Here comes the investment property squeeze

SUMMARY: Property investors copping one in the neck – intense focus from regulators and FSI to cool the property market.

Property investors must be wondering why a red bullseye suddenly appeared smack over their heart. Attacks are coming from everywhere.

Two more financial watchdog heavyweights said this week that they wanted to tighten the screws on real estate investors and those lending to them.

Inquiries have been launched and “please explain” notices issued to the lending industry, specifically covering real estate lending product favourites, such as interest-only loans, investor loans and high loan-to-valuation ratios with a view to putting pressure on lenders regarding their use.

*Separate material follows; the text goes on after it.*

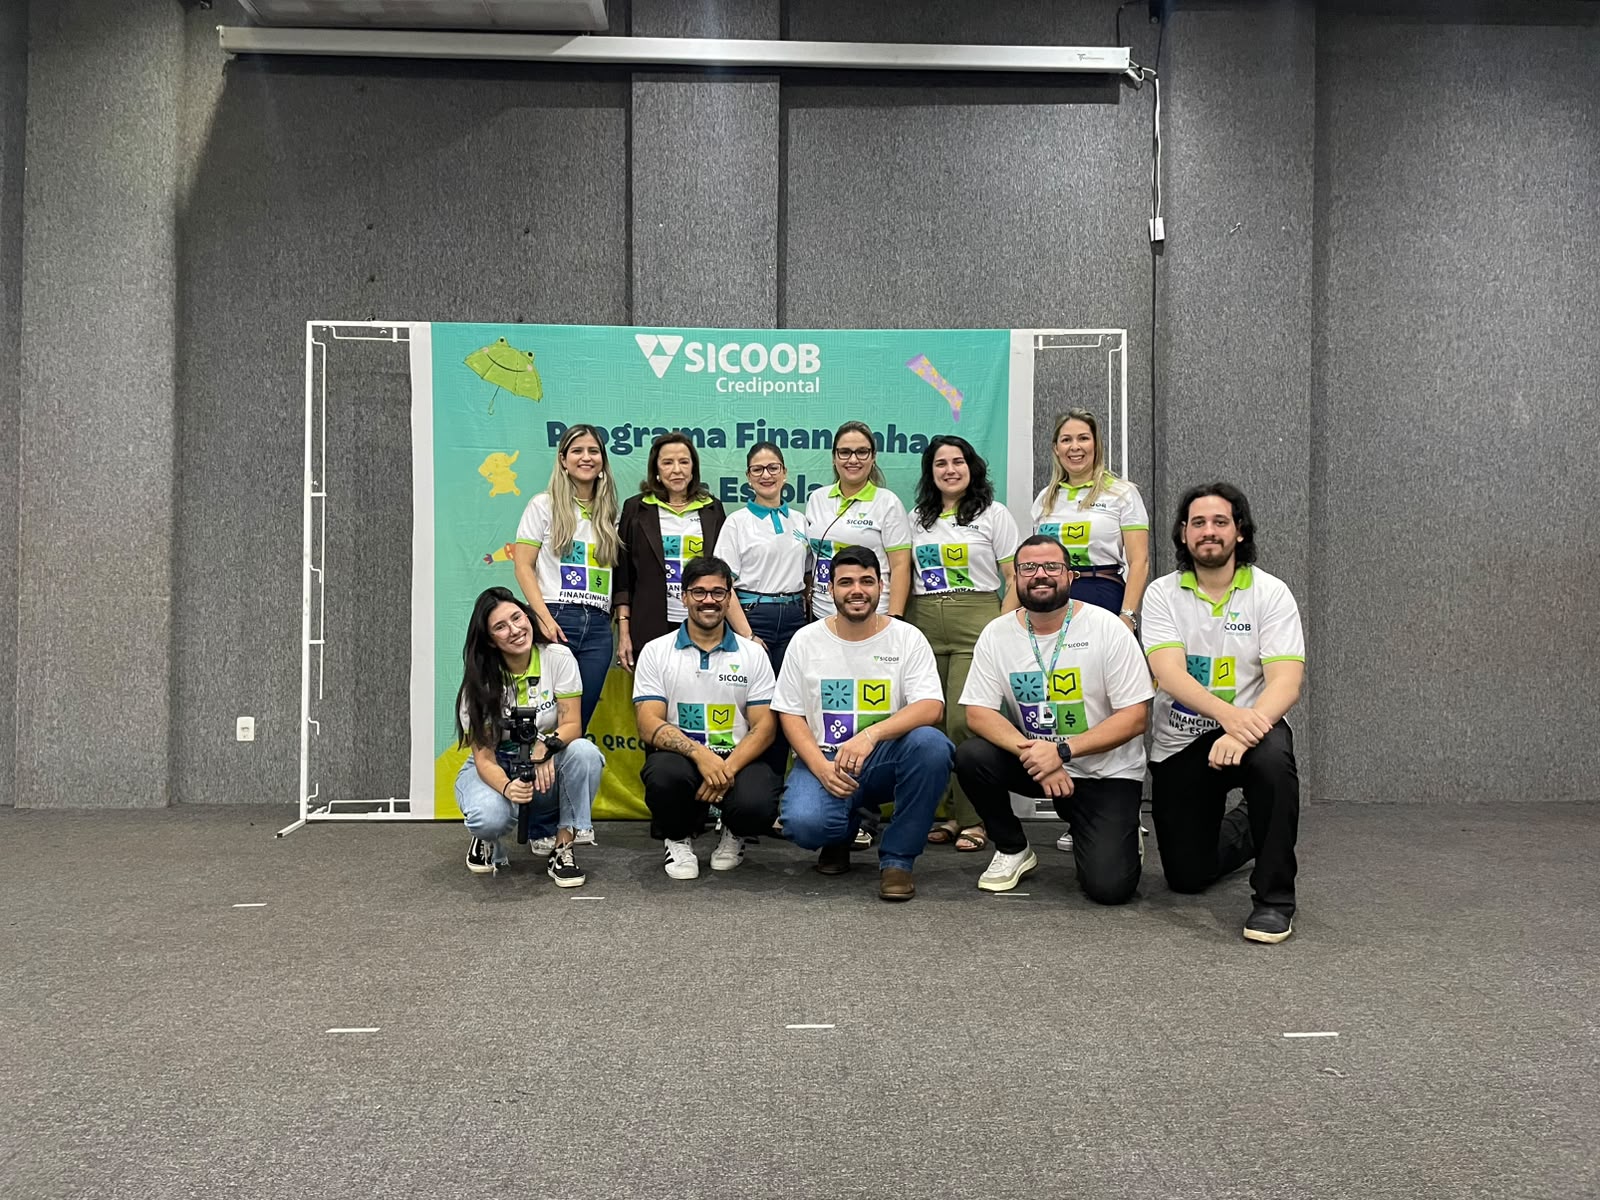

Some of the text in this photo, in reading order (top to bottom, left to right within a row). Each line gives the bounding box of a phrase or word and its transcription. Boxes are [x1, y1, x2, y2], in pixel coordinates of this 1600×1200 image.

The announcements came just 48 hours after the David Murray-chaired Financial Systems Inquiry recommended many changes aimed specifically at taking heat out of the investment property market.

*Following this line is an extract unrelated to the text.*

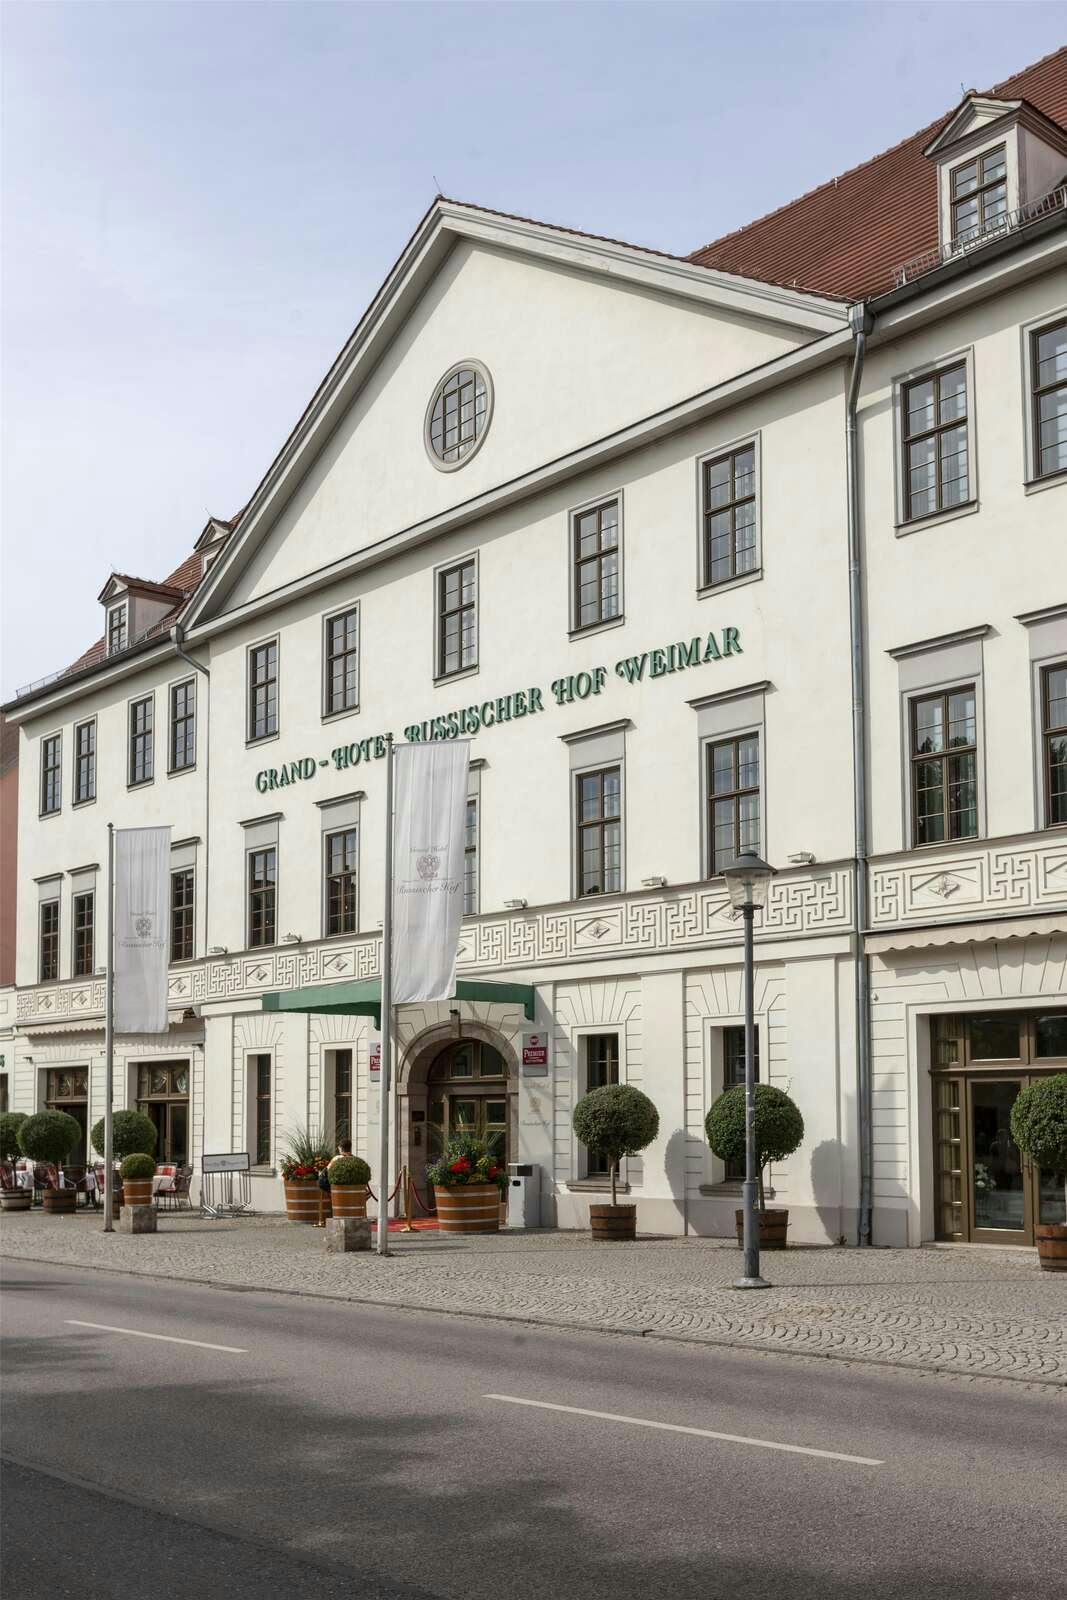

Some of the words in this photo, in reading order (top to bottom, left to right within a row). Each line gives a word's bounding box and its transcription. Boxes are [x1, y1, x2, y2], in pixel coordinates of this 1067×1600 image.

[404, 686, 545, 743] RUSSISCHER
[550, 665, 608, 706] HOF
[615, 626, 744, 685] WEIMAR

Out of the FSI, property investors now need to fear a potential ban on borrowing in super and potential capital restrictions being imposed on banks, which could limit loan supply.

Yesterday, in separate, though related, announcements, the Australian Prudential Regulatory Authority and the Australian Securities and Investments Commission also announced probes of lenders that could significantly impact on loans available for property investment.

ASIC will investigate interest-only loans as part of a review that “follows concerns by regulators about higher-risk lending, following strong house price growth in Sydney and Melbourne”.

The statement said 42.5% of new loans being issued were now interest-only, with a fear that the potentially “unsuitable loans could see them (investors and home buyers) with unsustainable levels of debt”.

The corporate cop is suggesting that some lenders are failing to comply with “responsible lending” rules and is promising enforcement action where it finds lenders are falling short.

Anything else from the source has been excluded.